Finally, the attorney for the Estate and not the Executor executed the letter settlement agreement. Such counsel lacked the real or apparent authority to waive or to surrender the individual's rights to a commission possessed by the Executor and not the Estate. Thus, absent a clear and express waiver of the Executor's rights to a commission in the letter settlement agreement, such agreement cannot be found to have such effect. Anderson v. Anderson, 12 Ga.App. 706, 78 S.E. 271 (1913).

The application of the rules of construction requires a finding that there was no waiver of the Executor's commissions; that he was entitled to collect them prior to any payment of net proceeds to the Joint Venture; that the net proceeds of any recovery of the judgment against Rolleston remained an asset of the Estate, with sufficient sums limitedly assigned as security for payment to satisfy the promissory note and with a priority of payment of this debt; and that the balance of the net proceeds remaining after payment of the balance and interest on the promissory note was an asset of the Estate. The probate court erred in granting summary judgment to the Joint Venture and in denying it to the Executor for the Estate.
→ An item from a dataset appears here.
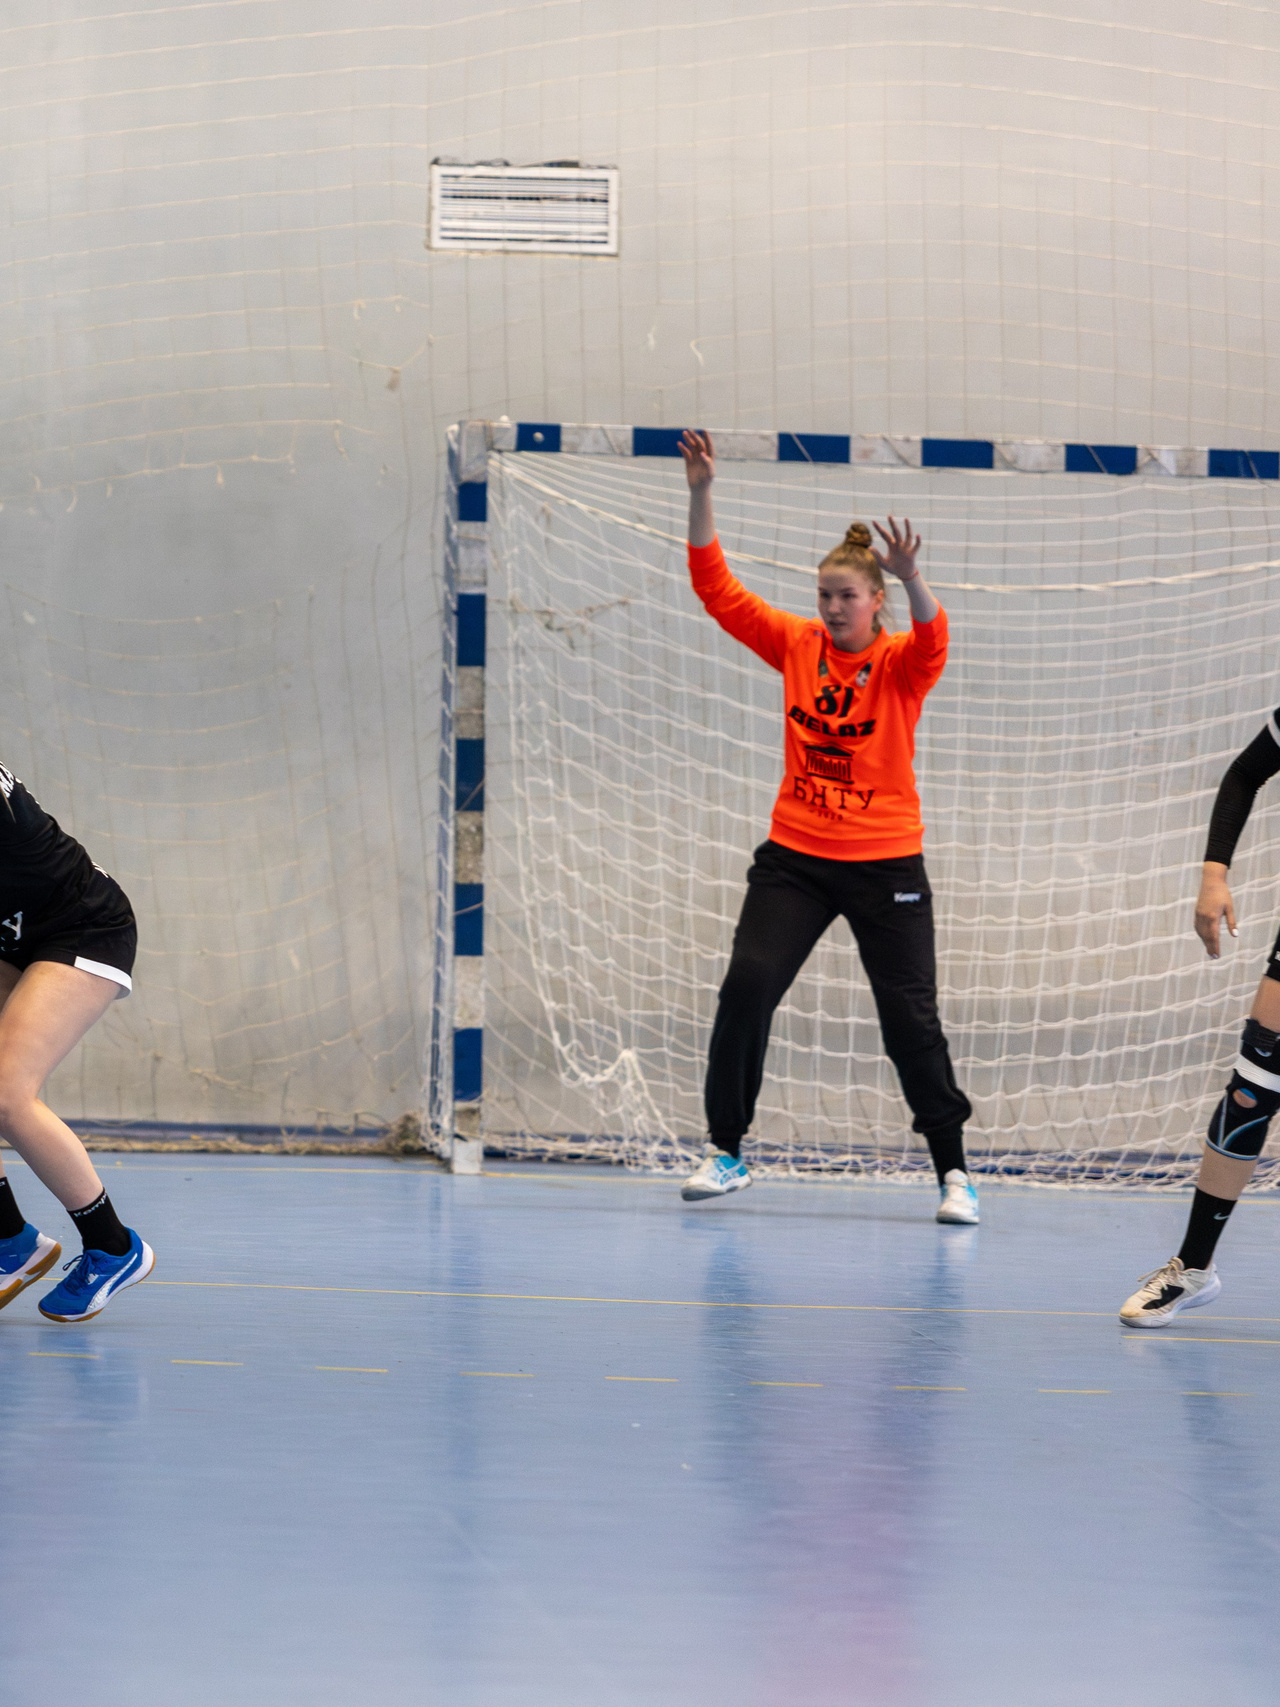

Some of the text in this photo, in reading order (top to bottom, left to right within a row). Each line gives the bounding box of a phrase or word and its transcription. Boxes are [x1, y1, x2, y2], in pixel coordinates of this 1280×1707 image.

[815, 684, 854, 718] 81
[787, 705, 877, 737] BELAZ
[794, 776, 875, 810] БНТУ
2. The remaining issues raised on appeal are controlled by our holding in Division 1.

Judgment reversed.

JOHNSON, P.J., and MIKELL, J., concur.

NOTES

[1] OCGA § 11-9-109(d)(9) states that "[a]n assignment of a right represented by a judgment, other than a judgment taken on a right to payment that was collateral" and (12) "[a]n assignment of a claim arising in tort, other than a commercial tort claim, but Code Sections 11-9-315 and 11-9-322[, neither of which were complied with to perfect,] apply ... to proceeds and priorities in proceeds" and do not come under the UCC coverage as a secured transaction.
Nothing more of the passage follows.